A magnetically controlled arc for plasma torch incineration

Summary form only given. With the ever increasing problems of chemically hazardous and radioactive waste produced from federal, commercial, medical, academic, and nuclear utility sources, a safe means of waste elimination or disposal is desired. Plasma torches represent an electrical arc technology that possesses certain advantages in radioactive and hazardous waste incineration. A plasma torch provides an extremely high-temperature ionized gas (up to 1-2 eV) that can be used to incinerate (and possibly vitrify) solid waste. We discuss in this paper, recent developments in applying external magnetisation to plasma torches in order to enhance the electrode performance through arc distribution.
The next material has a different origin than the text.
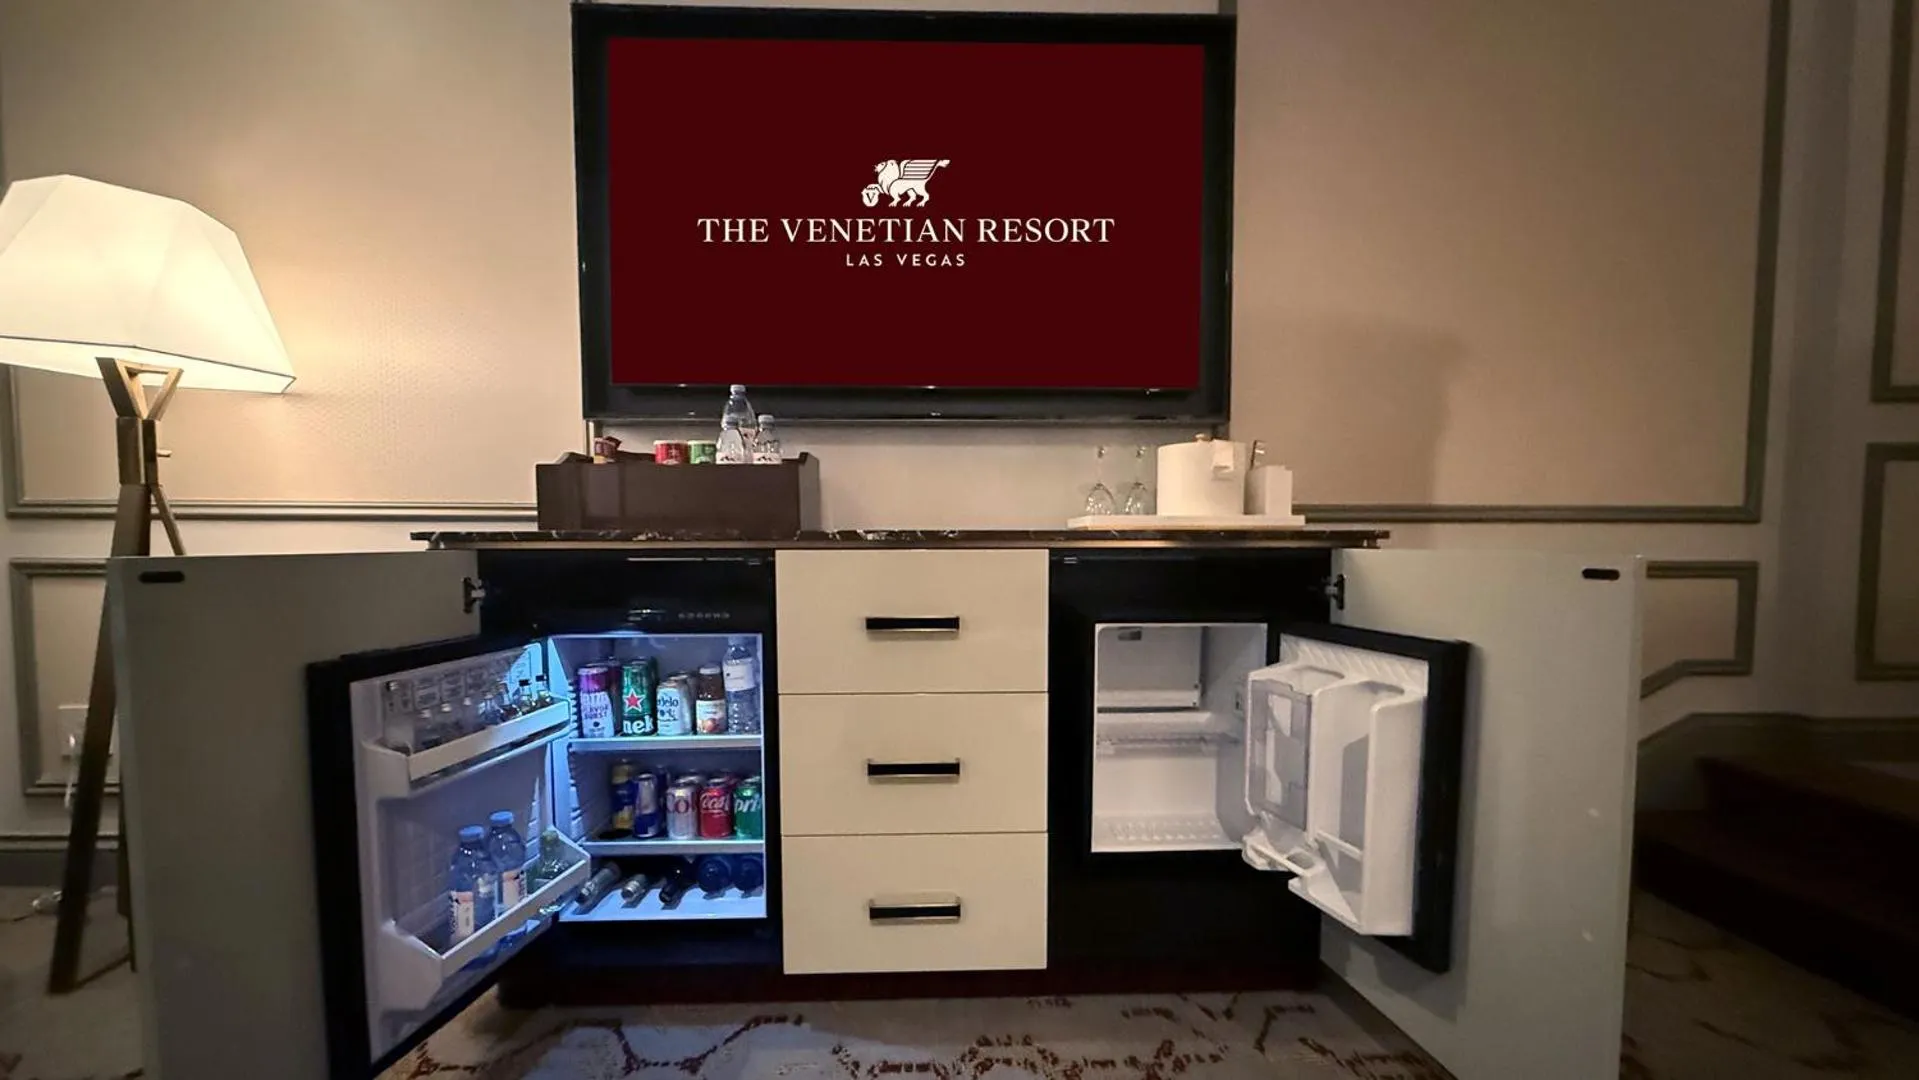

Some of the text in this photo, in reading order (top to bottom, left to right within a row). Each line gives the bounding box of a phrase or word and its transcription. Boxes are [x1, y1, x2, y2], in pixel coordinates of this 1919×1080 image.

These improvements show significant promise in improving electrode survivability and enhancing the potential of high power plasma arcs for waste incineration. Theoretical models for an applied magnetic field-line distortion by flowing magneto-plasma and field retarded plasma diffusive transport over the electrode surface are developed. Adequate coupling between flow and field is demonstrated. To validate our MHD model a 27 kW experimental plasma torch facility, MAGTOR, is used to examine the effects on electrode lifetime enhancement for various operating conditions with applied magnetization. Plasma flow gas species and flow rates are readily varied over a wide range of operation as is the varied applied magnetic field strength (0-1 kG) and topology.